(INFORMATION SUPPLIED begins)

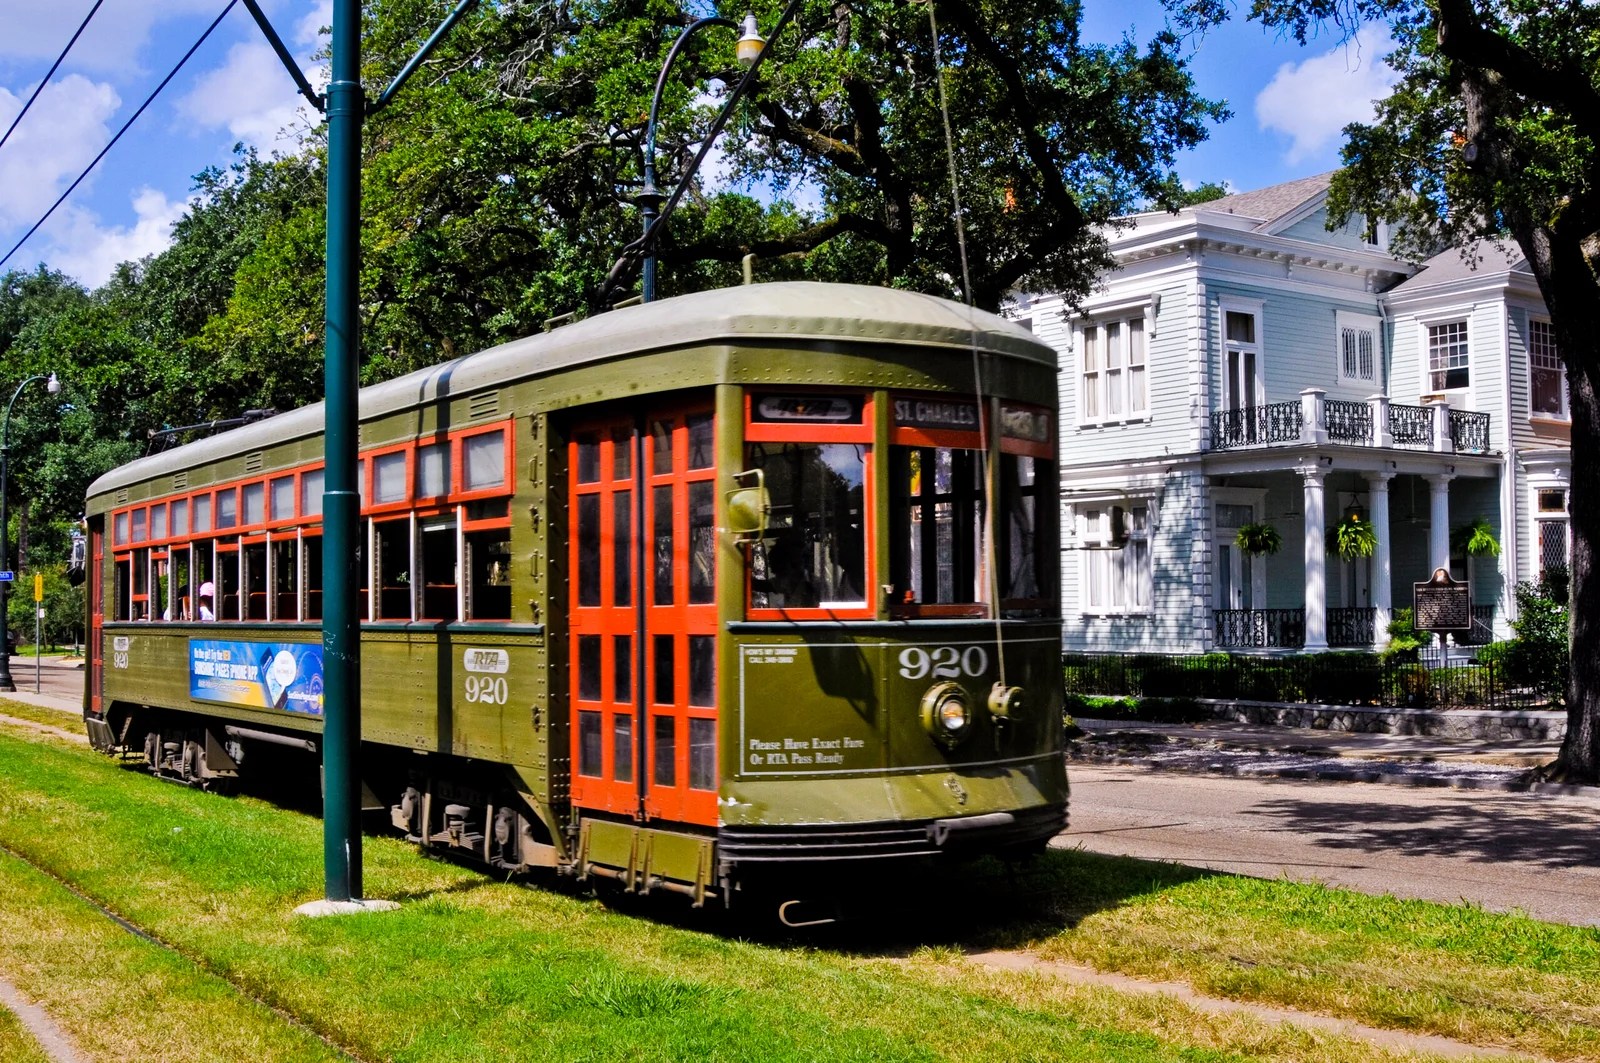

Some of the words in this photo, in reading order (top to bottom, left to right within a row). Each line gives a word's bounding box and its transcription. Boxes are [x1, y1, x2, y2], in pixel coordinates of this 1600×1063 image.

[916, 401, 976, 425] CHARLES
[113, 652, 129, 669] 920
[474, 651, 499, 666] RTA
[899, 646, 988, 680] 920
[465, 675, 508, 705] 920
[749, 739, 781, 750] Please
[784, 738, 809, 749] Have
[812, 738, 841, 749] Exact
[843, 737, 865, 748] Fare
[749, 753, 764, 765] Or
[767, 753, 788, 765] RTA
[791, 753, 813, 764] Pass
[815, 752, 844, 765] Ready
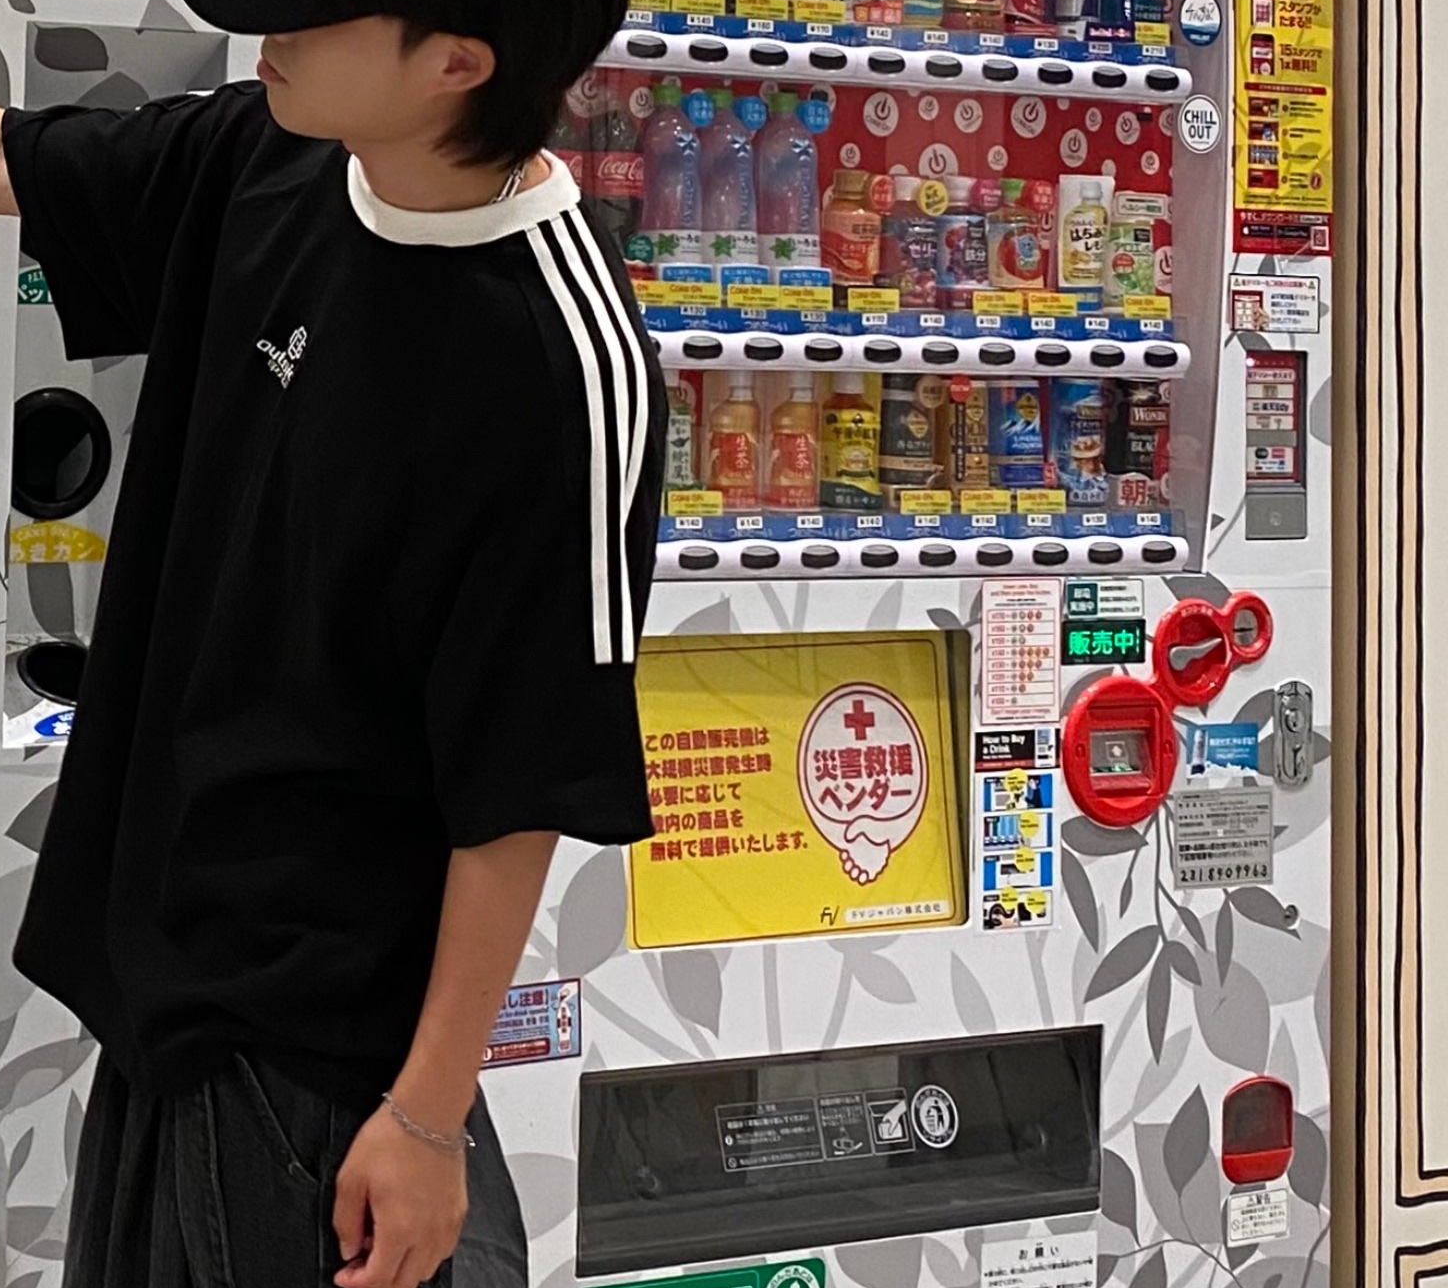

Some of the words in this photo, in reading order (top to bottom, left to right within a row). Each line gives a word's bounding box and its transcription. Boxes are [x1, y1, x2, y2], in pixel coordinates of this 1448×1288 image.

[1184, 109, 1217, 126] CHILL
[1188, 125, 1211, 140] OUT
[1068, 629, 1135, 656] 販売中
[645, 727, 770, 752] この自動販売機は
[982, 735, 1000, 744] How
[1011, 734, 1025, 745] Buy
[645, 753, 772, 780] 大規模災害発生時
[813, 744, 914, 781] 災害救援
[650, 781, 742, 807] 必要に応じて
[818, 780, 913, 812] ベンダー
[650, 831, 808, 861] 無料で提供いたします。
[1019, 1244, 1060, 1260] お願い
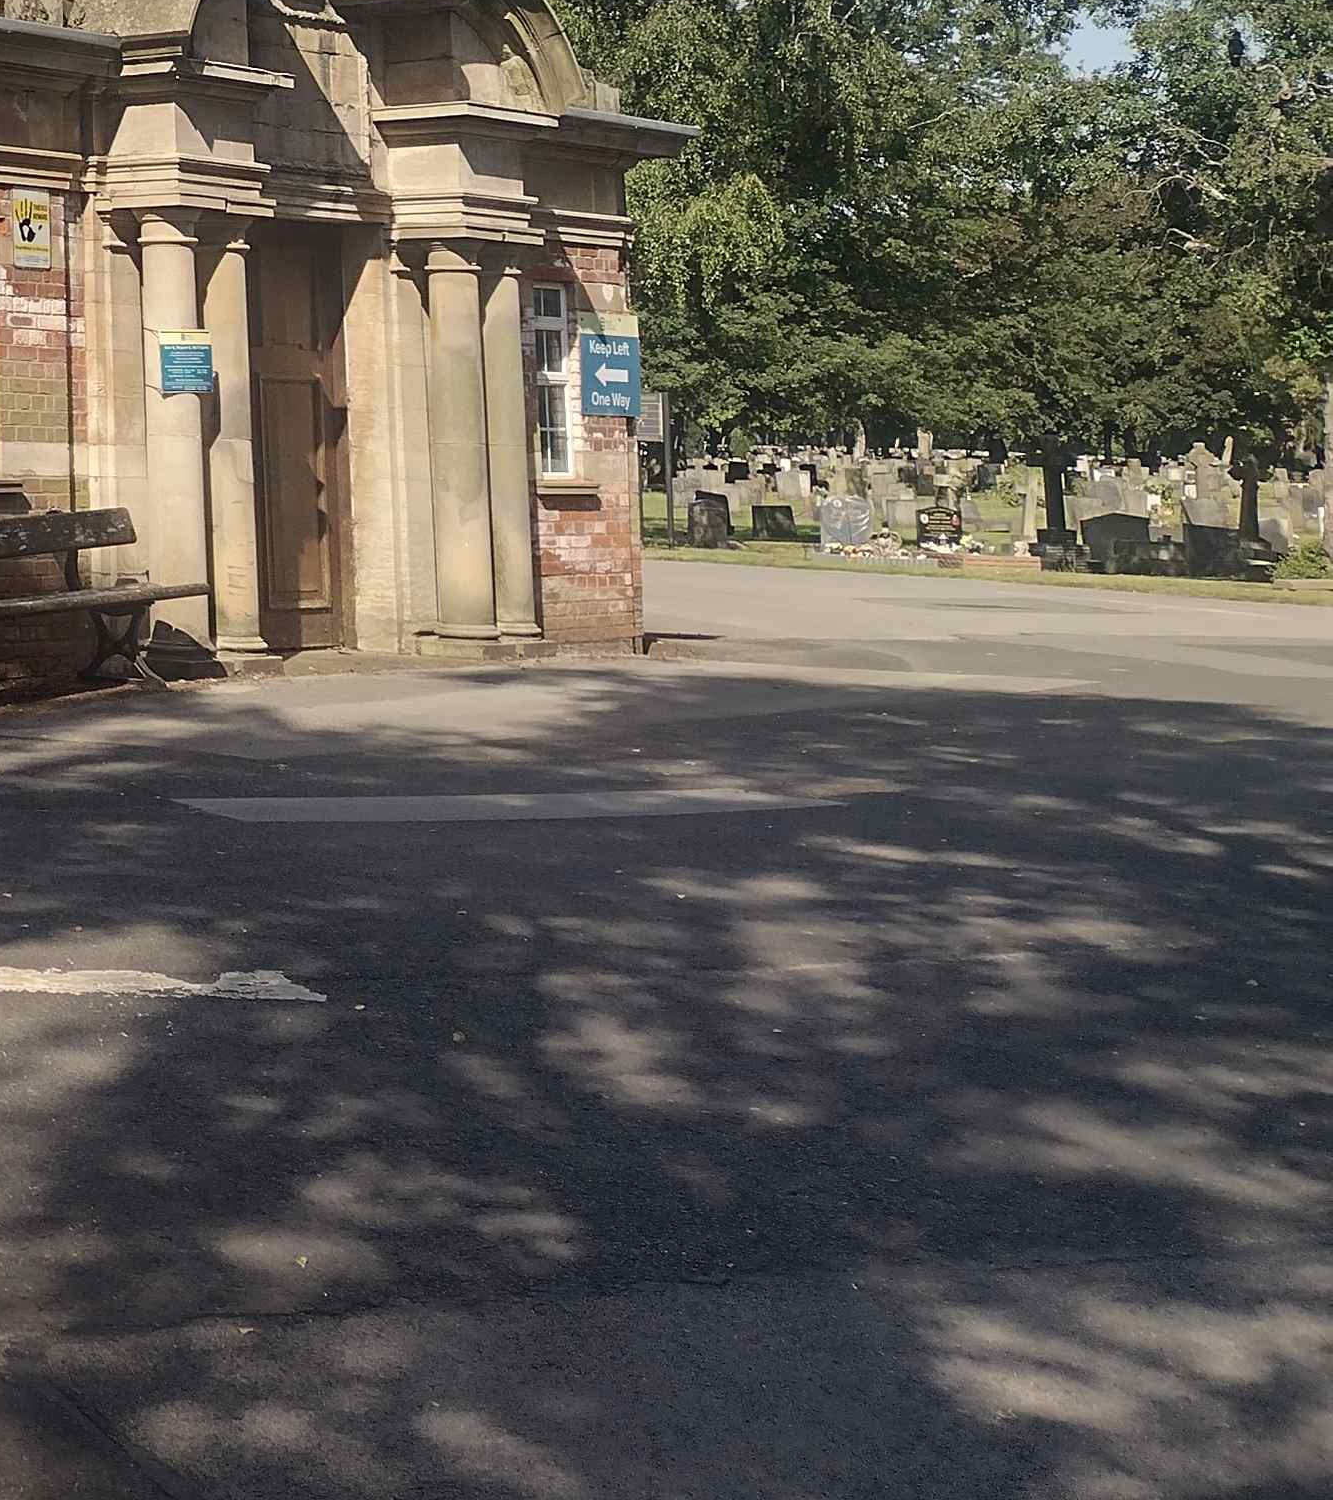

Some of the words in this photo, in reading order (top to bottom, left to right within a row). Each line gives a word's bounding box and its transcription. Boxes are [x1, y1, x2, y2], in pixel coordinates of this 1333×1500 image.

[589, 340, 612, 358] Keep
[613, 341, 630, 356] Left
[591, 391, 611, 406] One
[611, 392, 631, 411] Way
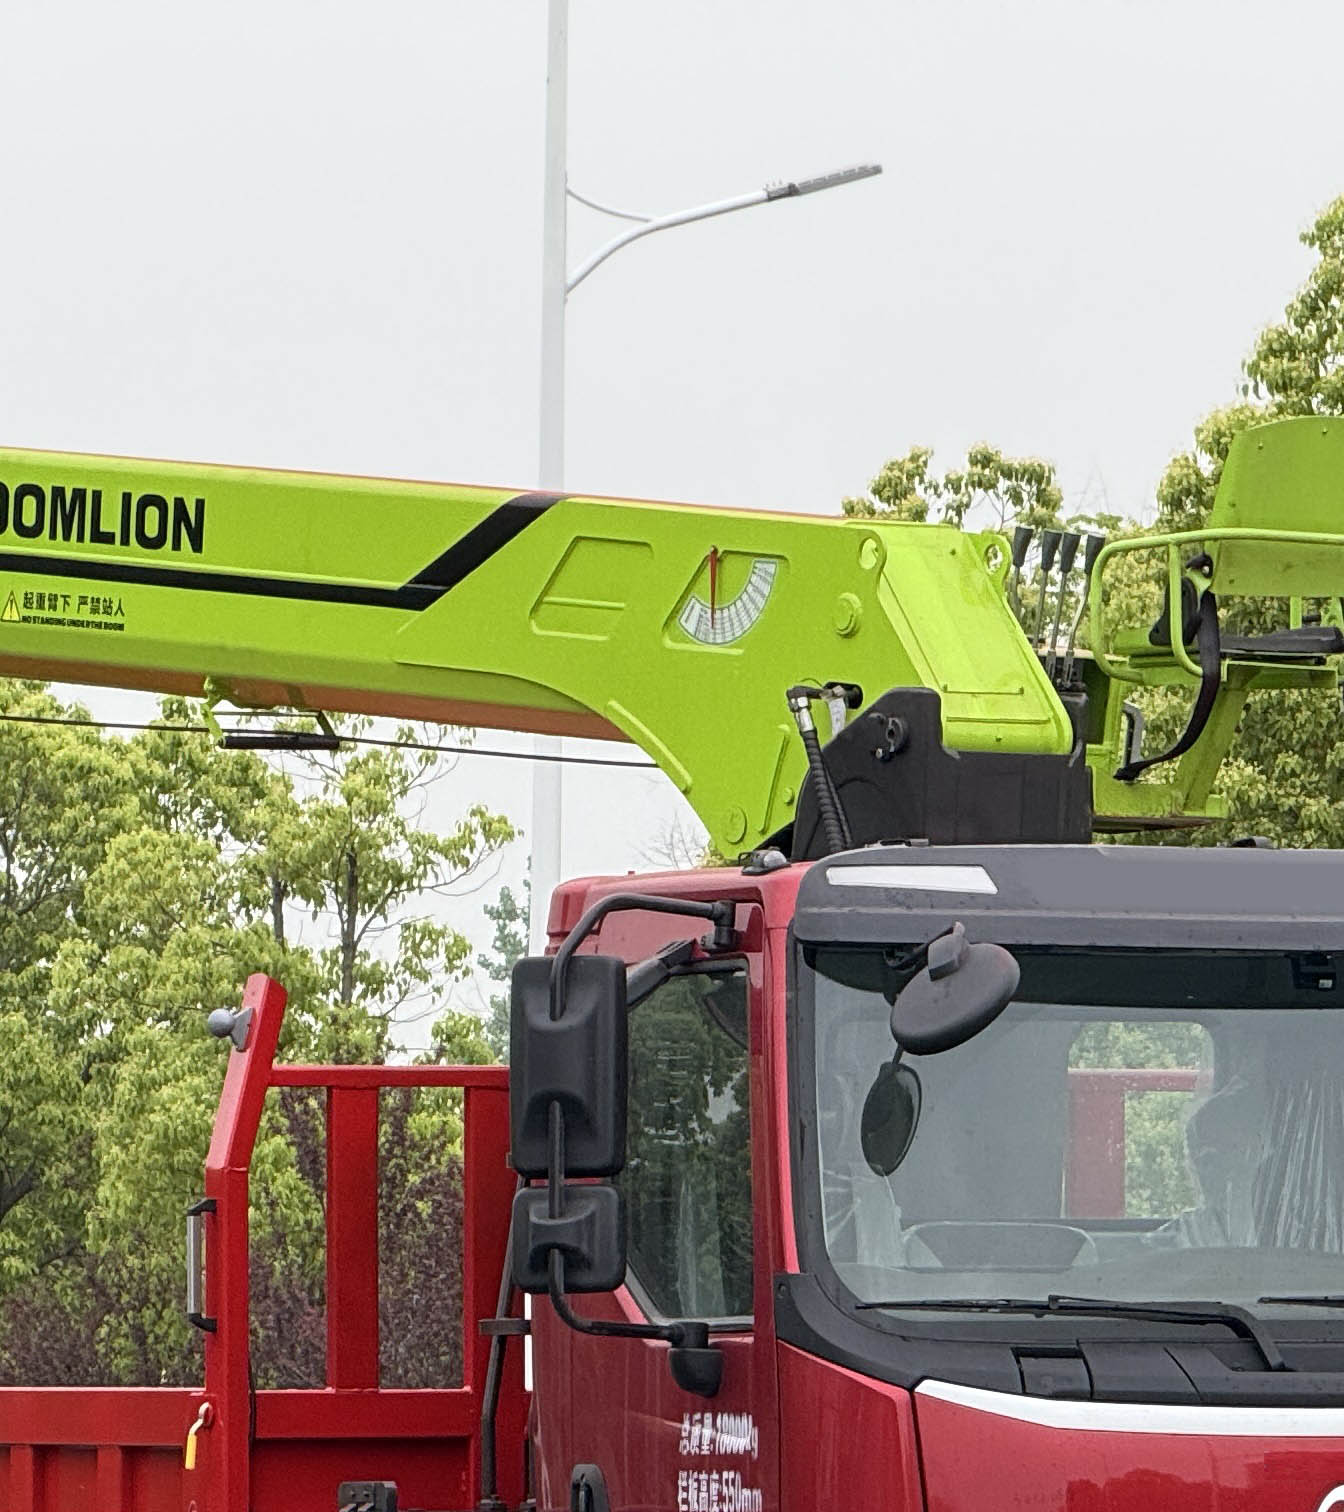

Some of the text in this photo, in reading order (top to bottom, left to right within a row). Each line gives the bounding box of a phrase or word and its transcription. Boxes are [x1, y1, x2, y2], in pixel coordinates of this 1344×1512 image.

(INFORMATION SUPPLIED ends)

# WHAT YOU WILL DO:
Your answer must be an exact copy of the entries above, with no pictures in it.

# ANSWER:
Some of the words in this photo, in reading order (top to bottom, left to right within a row). Each line gives a word's bounding box and its transcription. Boxes are [x1, y1, x2, y2], in pixel coordinates of this 1600×1063 image.

[916, 401, 976, 425] CHARLES
[113, 652, 129, 669] 920
[474, 651, 499, 666] RTA
[899, 646, 988, 680] 920
[465, 675, 508, 705] 920
[749, 739, 781, 750] Please
[784, 738, 809, 749] Have
[812, 738, 841, 749] Exact
[843, 737, 865, 748] Fare
[749, 753, 764, 765] Or
[767, 753, 788, 765] RTA
[791, 753, 813, 764] Pass
[815, 752, 844, 765] Ready

Some of the words in this photo, in reading order (top to bottom, left to right within a row). Each line gives a word's bounding box and its transcription. Boxes are [x1, y1, x2, y2], in pixel coordinates of this 1448×1288 image.

[1184, 109, 1217, 126] CHILL
[1188, 125, 1211, 140] OUT
[1068, 629, 1135, 656] 販売中
[645, 727, 770, 752] この自動販売機は
[982, 735, 1000, 744] How
[1011, 734, 1025, 745] Buy
[645, 753, 772, 780] 大規模災害発生時
[813, 744, 914, 781] 災害救援
[650, 781, 742, 807] 必要に応じて
[818, 780, 913, 812] ベンダー
[650, 831, 808, 861] 無料で提供いたします。
[1019, 1244, 1060, 1260] お願い

Some of the words in this photo, in reading order (top to bottom, left to right within a row). Each line gives a word's bounding box and its transcription. Boxes are [x1, y1, x2, y2], in pixel coordinates of this 1333×1500 image.

[589, 340, 612, 358] Keep
[613, 341, 630, 356] Left
[591, 391, 611, 406] One
[611, 392, 631, 411] Way

Some of the text in this photo, in reading order (top to bottom, left to right within a row). Each line gives the bounding box of a phrase or word and its transcription. Boxes are [x1, y1, x2, y2], in pixel coordinates of this 1344×1512 image.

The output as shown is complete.